Montréal-la-grise s’offre sous l’éclairage glabre de ses
bétons armés. L’enfilade ininterrompue de laideurs urbaines fait craindre la
promesse d’éternels songes d’un ennui inéluctable. Le retour au bercail est
teinté par le filtre d’un air chargé de toutes les pluies à venir. Déjà, le
ciel lourd semble se tenir prêt pour la grande démonstration, tel un
trouble-fête qui fait irruption dans une salle de bal désertée. Le mardi soir
reflète sa vacuité hebdomadaire sur les eaux acier du lac Saint-Louis. Bientôt
s’élèveront les gratte-ciels du centre-ville pour exhiber dans une attitude
affectée une prétention de civilisation au passager de l’autobus voyageur. Tu
penseras alors que ce n’était pas la peine d’ériger ces ex-voto de métal et d’illusions
à l’honneur des dieux en lesquels tu ne crois même plus. Leurs exploits sont
apocryphes – tu le sais depuis longtemps déjà – mais semblent tout de même séduire
ceux qui ne cherchent qu’à se perdre et se dissoudre dans l’enchantement d’une
religion blasée. Puis viendront les files de visages tristes attendant l’autobus,
les premières lueurs des néons venus pour vaincre la nuit, et tu verras comment
tout ce qui relève du divin a bien peu de poids face aux maux du quotidien.

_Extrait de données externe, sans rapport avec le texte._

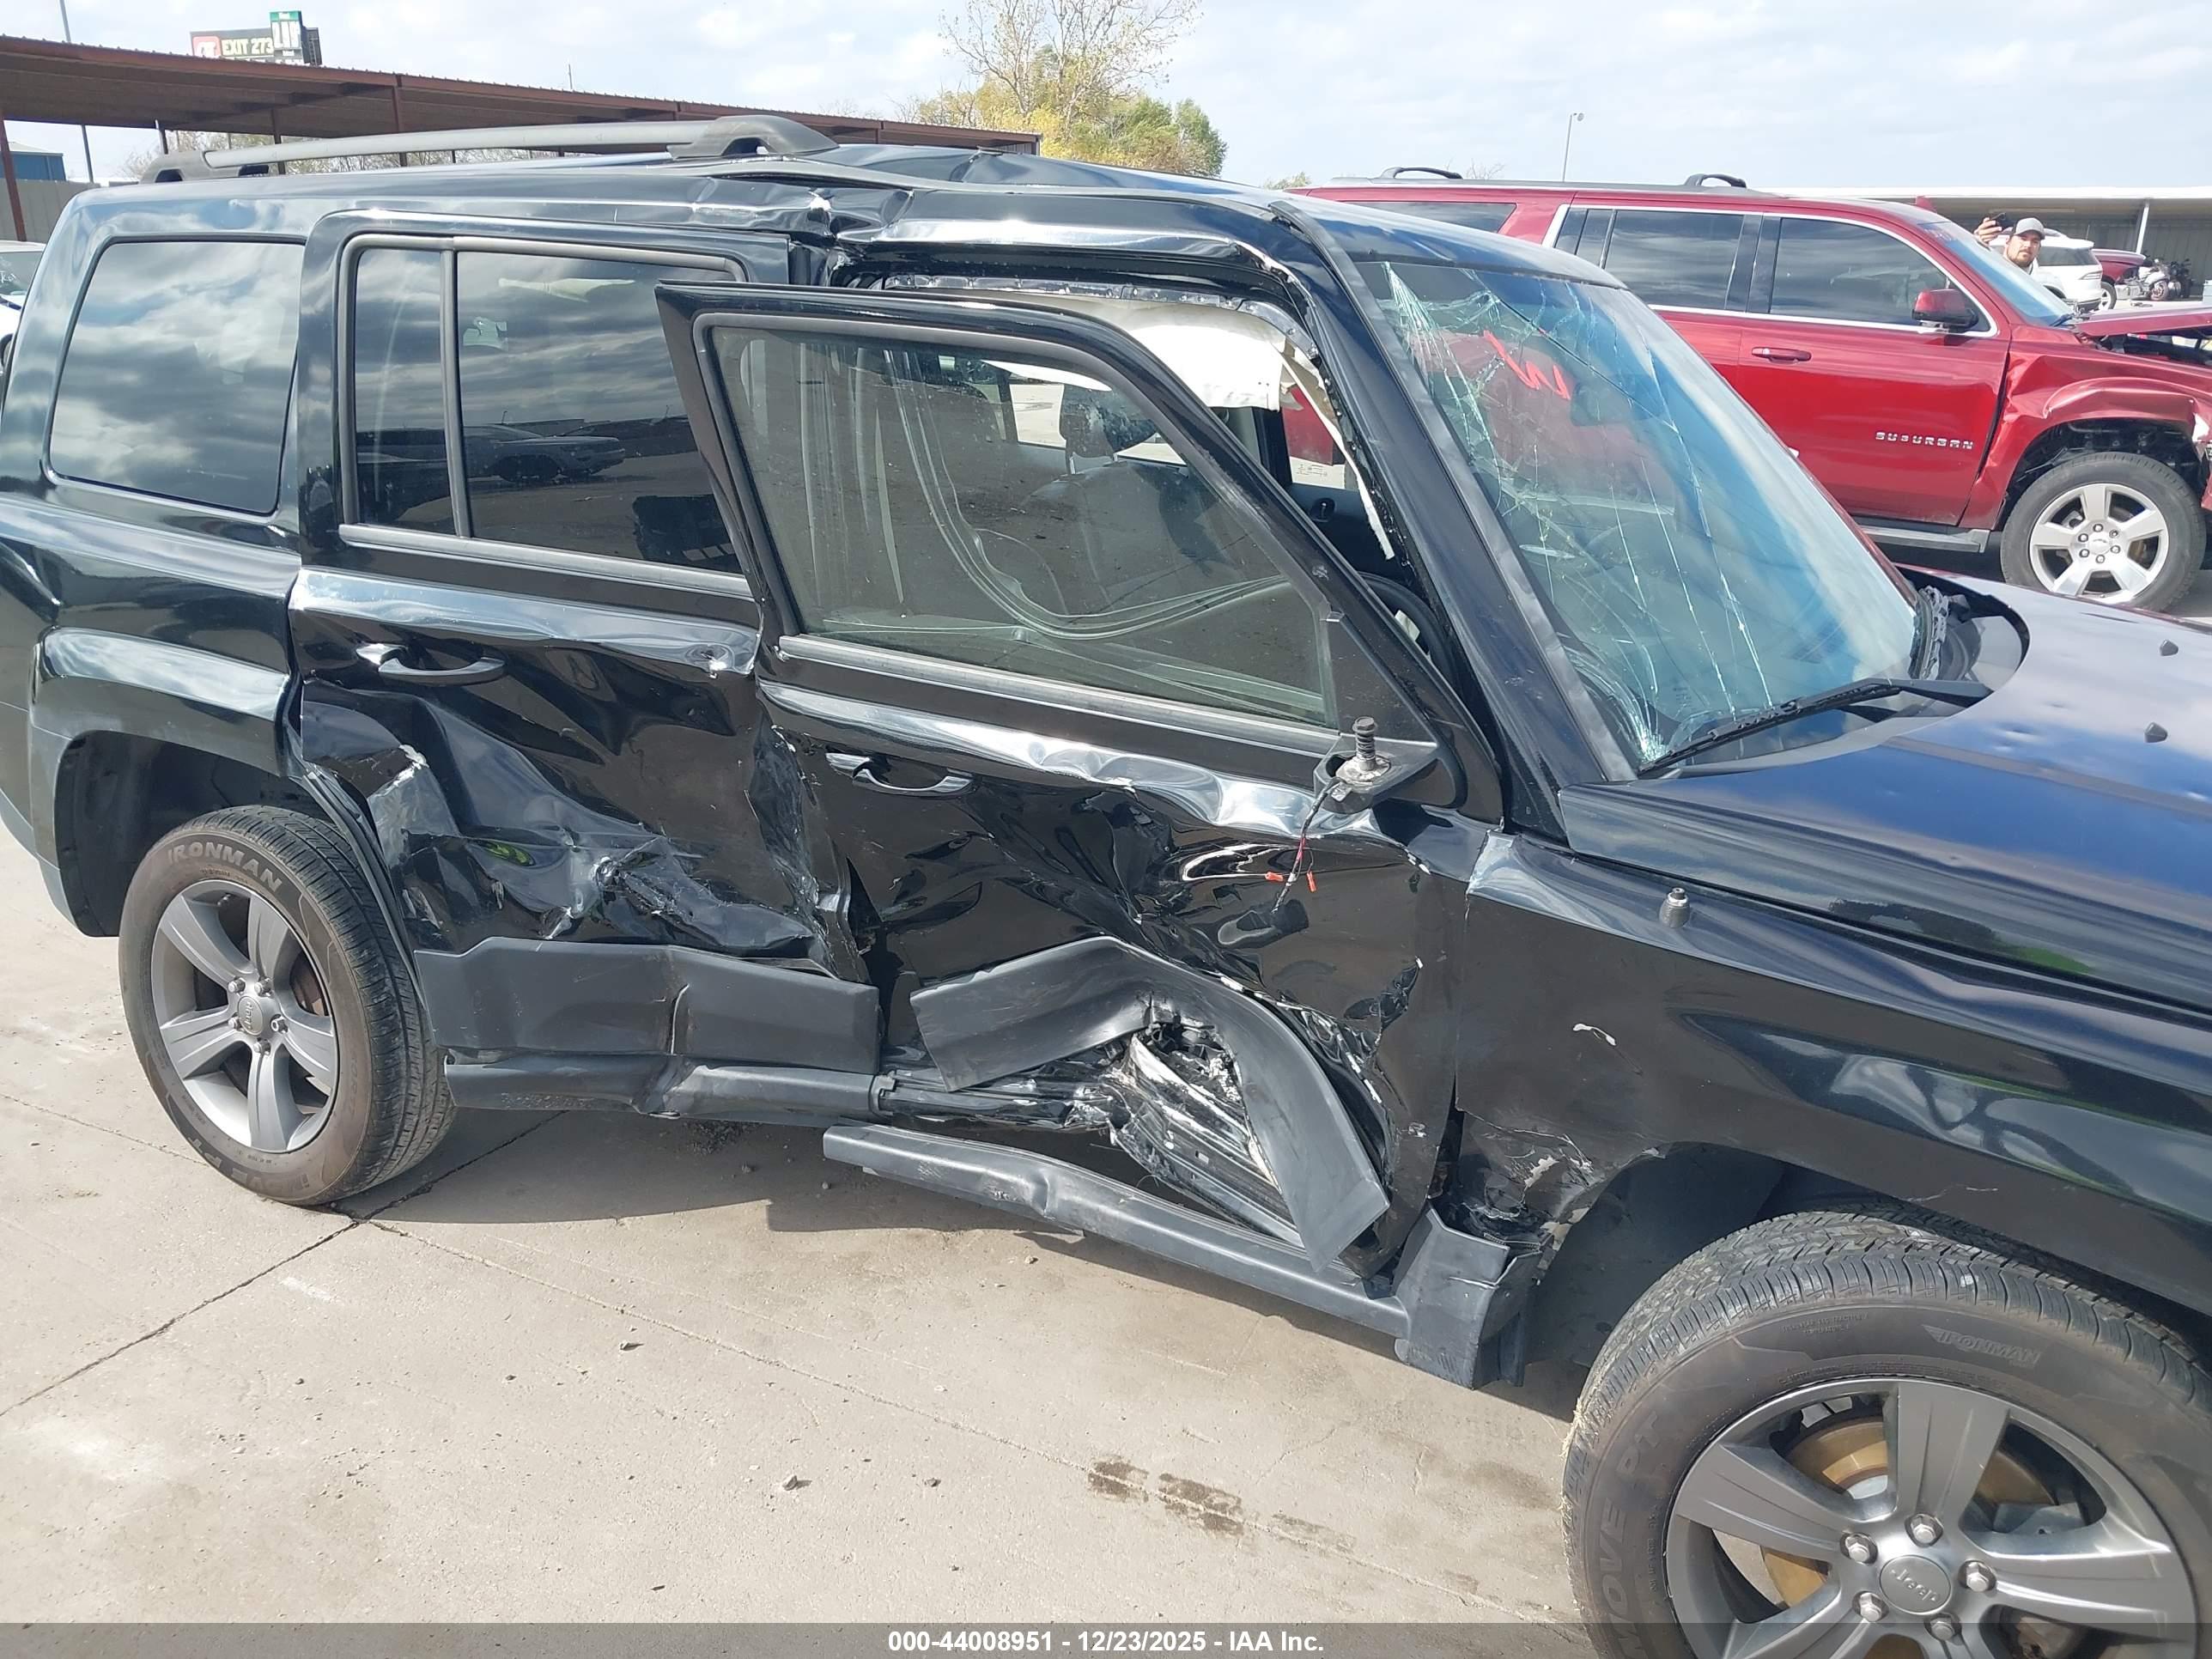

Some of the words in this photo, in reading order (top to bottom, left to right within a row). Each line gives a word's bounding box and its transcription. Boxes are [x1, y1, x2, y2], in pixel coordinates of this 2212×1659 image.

L’autobus continue de filer sur l’autoroute maintenant fade,
toute délestée qu’elle est de ses réminiscences diurnes. Les gouttes de pluie qui
tracent de minces chemins sur les vitres deviennent bientôt des successions
sans fin de rivières qui bravent la gravité pour strier le paysage de leur
géométrie grotesque. La plainte que tu portes en toi – qui a grandit en toi, se
nourrissant de ces kilomètres, de ces heures, de ces pensées – se fait dès lors
entendre au creux de tes reins, dans tes paumes sèches, sur ta nuque et jusque
sous tes côtes, emprisonnée par cette cage naturelle que tu voudrais parfois
voir voler en éclats. C’est alors que tu prendras conscience de l’absence que
tu voulais ignorer et qui malgré tout s’impose à ton esprit : Montréal est
remplie de vide parce qu’elle ne sait pas recréer le bonheur que t’avaient
apporté ces quelques jours où tu avais pu exister en n’étant personne.